At the February 28, 2018, section 366.26 hearing, the
juvenile court noted that the information concerning father’s
claimed Indian ancestry was “pretty vague,” but “in [an]
abundance of caution,” it ordered the Department to send ICWA
notices to the Cherokee tribes, the Bureau of Indian Affairs, and
the Secretary of the Interior concerning father’s claimed Indian
ancestry. The Department was to submit all notices, return
receipts, and any responses to the court. The court continued the
matter to May 30, 2018.
8
On May 2, 2018, the juvenile court ordered all counsel to
“to investigate any previous ICWA findings in this matter.”
At the May 30, 2018, section 366.26 hearing, the juvenile
court continued the matter to September 24, 2018, because the
Department had not yet sent the ICWA notices.
In a Last Minute Information for the Court for a hearing on
September 24, 2018, the Department reported that it mailed
ICWA notices to mother, father, and the Eastern Band of
Cherokee Indians on May 24, 2018. The Eastern Band of
Cherokee Indians responded that neither Savanah nor Emma
was registered or eligible to register as a member of the tribe.

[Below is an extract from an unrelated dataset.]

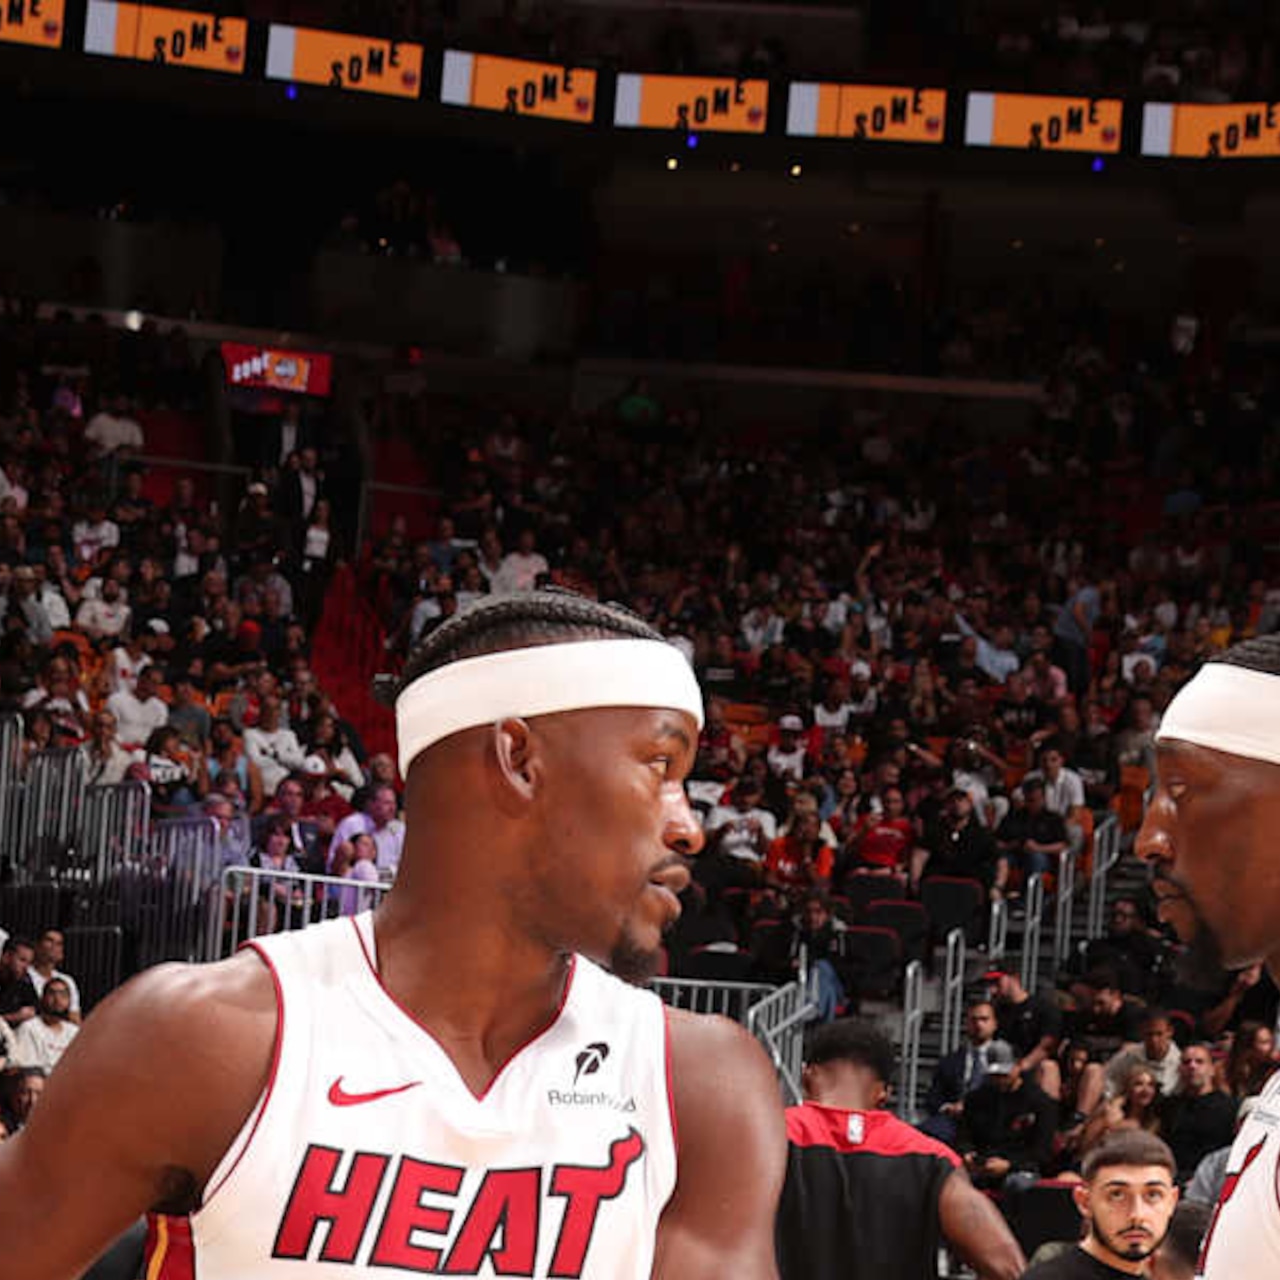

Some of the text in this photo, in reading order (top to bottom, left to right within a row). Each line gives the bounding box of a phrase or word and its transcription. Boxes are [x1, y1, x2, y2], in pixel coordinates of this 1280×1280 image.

The same day, the Department mailed ICWA notices to the
United Keetoowah Band of Cherokee Indians, the Cherokee
Nation, the Secretary of the Interior, and the Bureau of Indian
Affairs. The Department received signed proofs of service for
each of these notices, but no responses as to Savanah’s or Emma’s
ICWA eligibility or possible registration.
The Department’s ICWA notices are not contained in the
juvenile court’s file.
On September 7, 2018, a social worker sent e-mails to the
United Keetoowah Band of Cherokee Indians and the Cherokee
Nation following up on the Department’s earlier IWCA notices.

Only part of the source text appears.